Jakarta, 20 Mei 2022. Anggota DEN dari kalangan industri Satya Widya Yudha mewakili Dewan Energi Nasional menjadi salah satu Pembicara dalam forum diskusi nasional yang diselenggarakan secara hybrid oleh Kamar Dagang dan Industri Indonesia dengan tema Transition to Cleaner Energy for Mobility Towards Net Zero Emission.
Satya yang juga menjabat sebagai Ketua Komite Tetap Kebijakan dan Regulasi, KADIN Indonesia Bidang ESDM menyampaikan sektor terkait energi merupakan sektor penyumbang emisi terbesar di Indonesia (jika tidak mempertimbangkan sektor kehutanan dan perubahan lahan). Sumber emisi yang dominan adalah dari sektor pembangkit listrik sebesar 35 persen, sektor transportasi sebesar 27 persen, dan sektor industri sebesar 27 persen.

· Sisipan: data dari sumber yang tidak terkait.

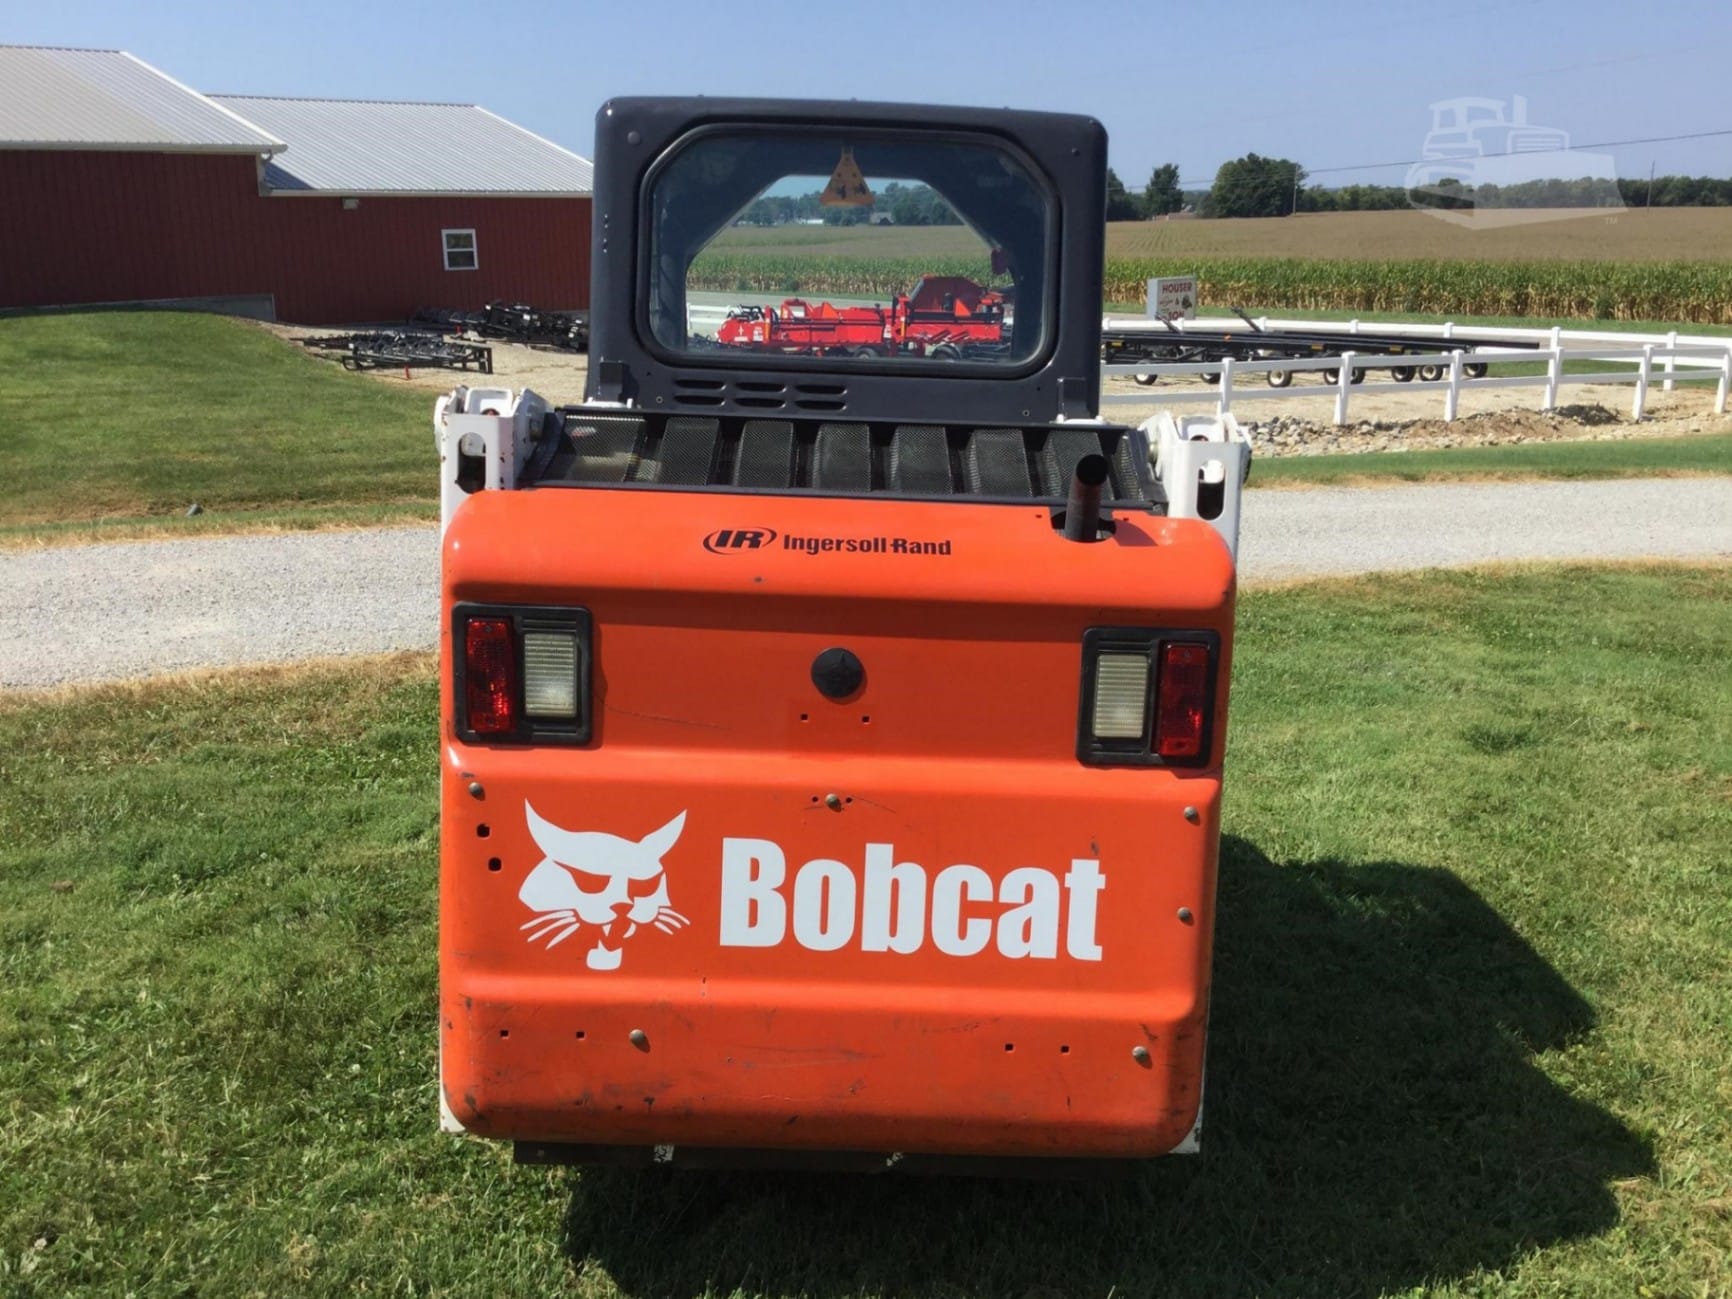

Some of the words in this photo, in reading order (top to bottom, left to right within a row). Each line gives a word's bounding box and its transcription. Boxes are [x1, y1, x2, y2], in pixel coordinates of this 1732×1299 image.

Lulusan Cranfield University ini juga menyampaikan hal-hal prioritas yang perlu dilakukan untuk mempercepat transisi energi adalah melakukan dekarbonisasi sektor energi, melakukan sinergi lintas stakeholder, inovasi teknologi, fokus melakukan peralihan bahan bakar dari migas ke listrik (utamanya melalui program kendaraan listrik dan kompor listrik), menyusun strategi untuk melakukan dekarbonisasi sektor-sektor yang susah untuk dimitigasi (misalnya sektor industri yang proses industrinya masih bergantung pada batubara/gas), melakukan investasi untuk pembangunan infrastruktur yang memudahkan proses transisi energi, serta menyiapkan 'soft infrastructure' untuk mendukung pendanaan transisi energi, seperti skema perdagangan karbon, skema financing, dan lain-lain.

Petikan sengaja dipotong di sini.